Penataan Hutan Jadi Kunci Tata Kelola Sawit Nasional

Jumat, 19 Desember 2025 | 09:09:15 WIB
Penataan Hutan Jadi Kunci Tata Kelola Sawit Nasional

JAKARTA - Pemerintah tengah memperkuat upaya penataan kawasan hutan melalui pembentukan Satuan Tugas Penertiban Kawasan Hutan (Satgas PKH) dan penerbitan Peraturan Pemerintah Nomor 45 Tahun 2025 (PP 45/2025). Langkah ini bertujuan memperbaiki tata kelola hutan nasional, namun dalam praktiknya menimbulkan tantangan tersendiri bagi petani sawit rakyat.

Pakar lingkungan dan kehutanan, Petrus Gunarso, PhD, menilai penertiban kawasan hutan adalah langkah penting, tetapi harus dilakukan secara hati-hati, adil, dan berlandaskan kepastian hukum. 

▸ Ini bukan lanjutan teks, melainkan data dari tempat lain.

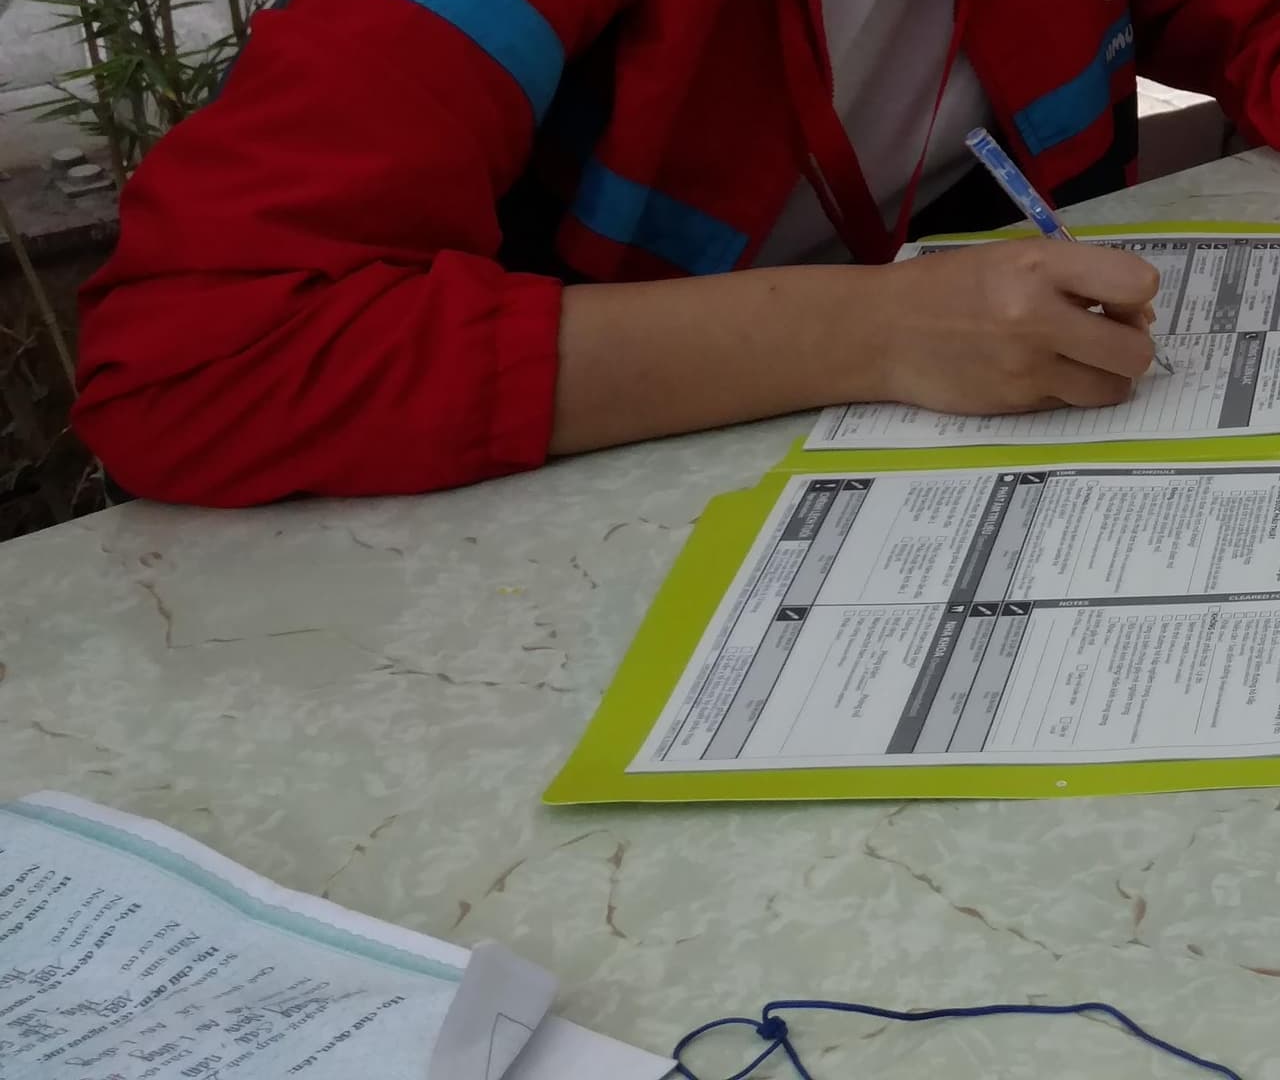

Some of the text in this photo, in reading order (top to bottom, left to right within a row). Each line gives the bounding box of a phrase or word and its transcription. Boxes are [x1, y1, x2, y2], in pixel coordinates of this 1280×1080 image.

[1229, 593, 1268, 601] CLEARED
[931, 621, 957, 656] NHA KHOA
[169, 964, 193, 986] chữ
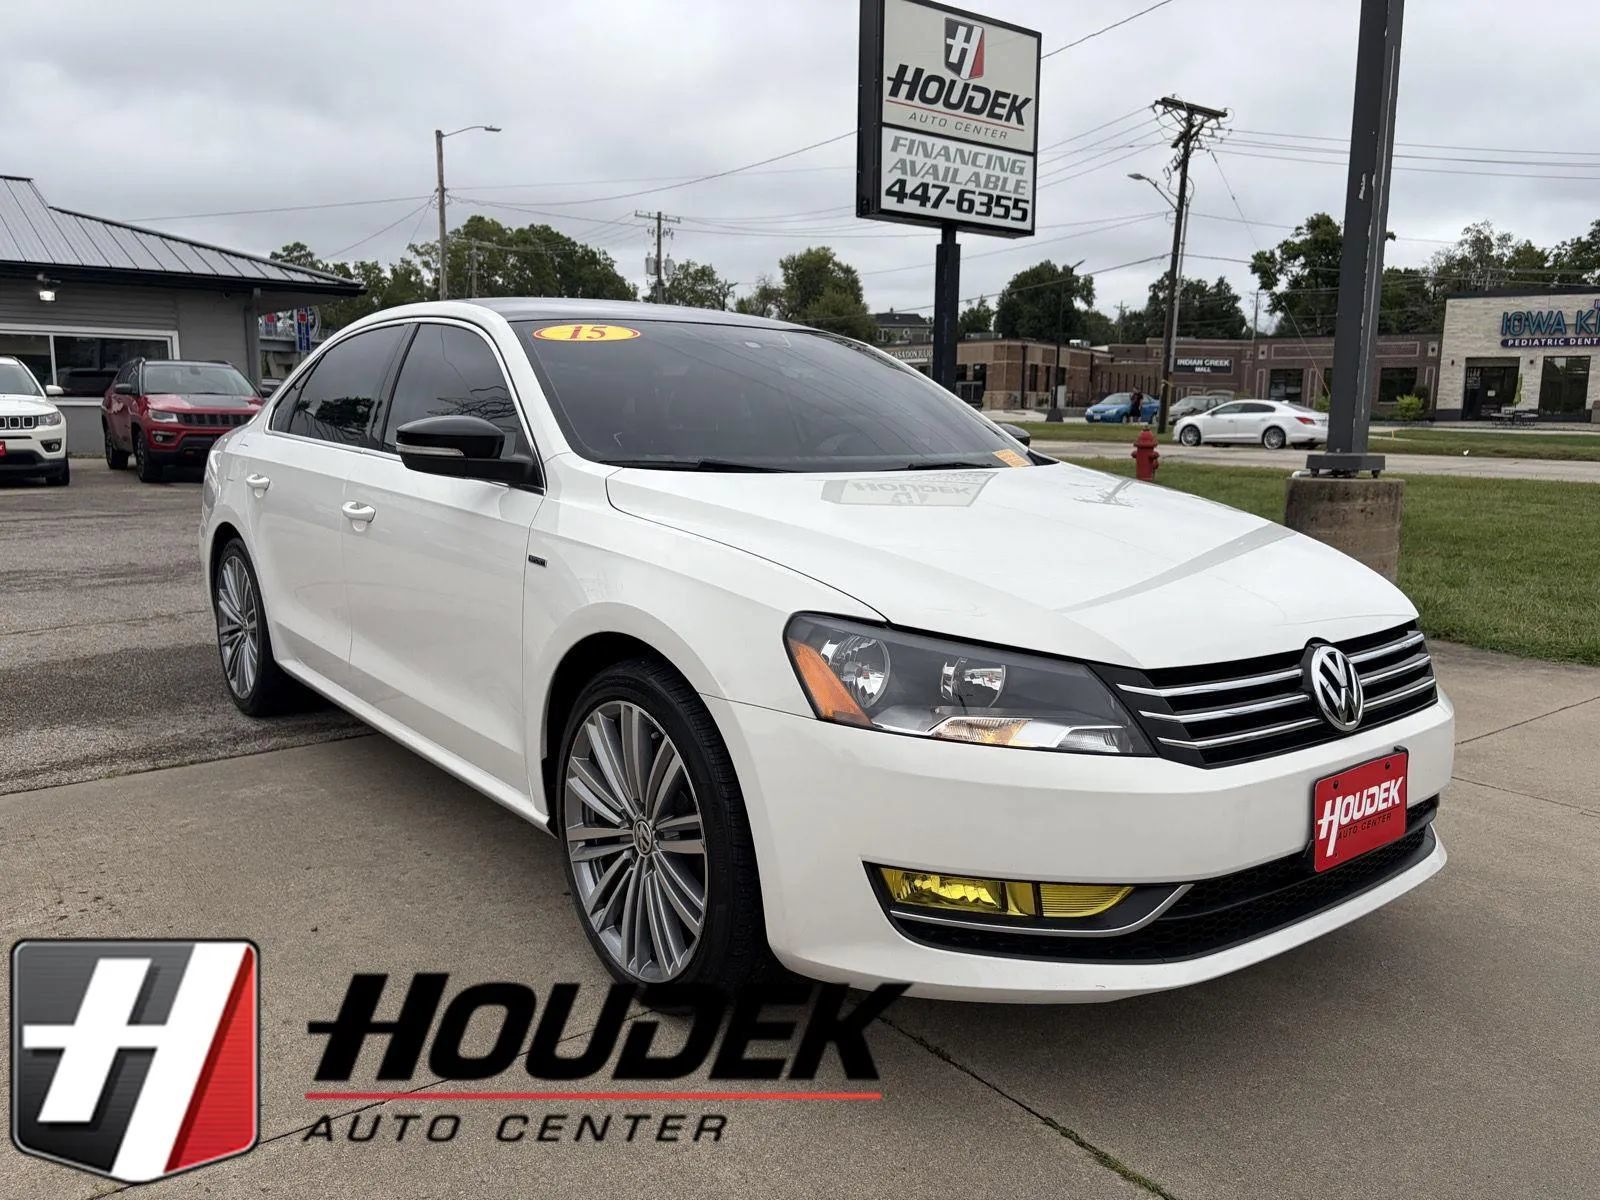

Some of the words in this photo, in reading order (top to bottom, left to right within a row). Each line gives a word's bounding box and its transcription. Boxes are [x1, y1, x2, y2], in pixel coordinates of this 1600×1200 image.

[887, 64, 1032, 126] HOUDEK
[909, 112, 947, 127] AUTO
[955, 121, 1008, 140] CENTER
[890, 136, 1026, 175] FINANCING
[888, 158, 1028, 196] AVAILABLE
[885, 178, 1029, 222] 447-6355
[569, 326, 608, 340] 15
[1501, 310, 1567, 336] IOWA
[1508, 338, 1565, 347] PEDIATRIC
[1204, 359, 1231, 367] CREEK
[1317, 776, 1404, 858] HOUDEK
[1339, 825, 1358, 840] AUTO
[1361, 814, 1391, 831] CENTER

“Penertiban kawasan hutan memang penting, karena dalam praktiknya penetapan kawasan hutan selama ini tidak selalu dilakukan secara tertib,” kata Petrus.

Ia menekankan bahwa keberhasilan penataan kawasan hutan tidak hanya diukur dari aspek hukum, tetapi juga dari sejauh mana hak-hak masyarakat yang telah lama mengelola lahan diakui dan dilindungi. Hal ini menjadi penting mengingat sawit merupakan sumber penghidupan bagi jutaan petani kecil di Indonesia.

Tantangan Legitimasi dan Hak Masyarakat

Persoalan utama penataan kawasan hutan terletak pada proses penetapan yang belum selalu melalui tahapan lengkap sesuai UU No. 41 Tahun 1999, yakni penunjukan, penataan batas, pemetaan, dan penetapan. Akibatnya, beberapa kawasan hutan yang sah secara hukum administratif belum sepenuhnya legitimate karena hak pihak ketiga belum diselesaikan.

“Banyak kawasan hutan yang secara hukum sah, tetapi belum sepenuhnya legitimate karena hak-hak pihak ketiga tidak diselesaikan pada saat proses penataan batas,” jelas Petrus. 

Hal ini menimbulkan risiko ketidakpastian hukum bagi petani sawit rakyat, yang selama bertahun-tahun telah mengelola lahan secara nyata dan beritikad baik.

Dampak pada Sektor Sawit dan Ekonomi Pedesaan

Dalam implementasi Satgas PKH, sektor perkebunan sawit menjadi salah satu yang paling terdampak. Petrus menilai penegakan hukum yang bertumpu pada batas kawasan hutan yang bermasalah bisa menimbulkan ketidakpastian baru. 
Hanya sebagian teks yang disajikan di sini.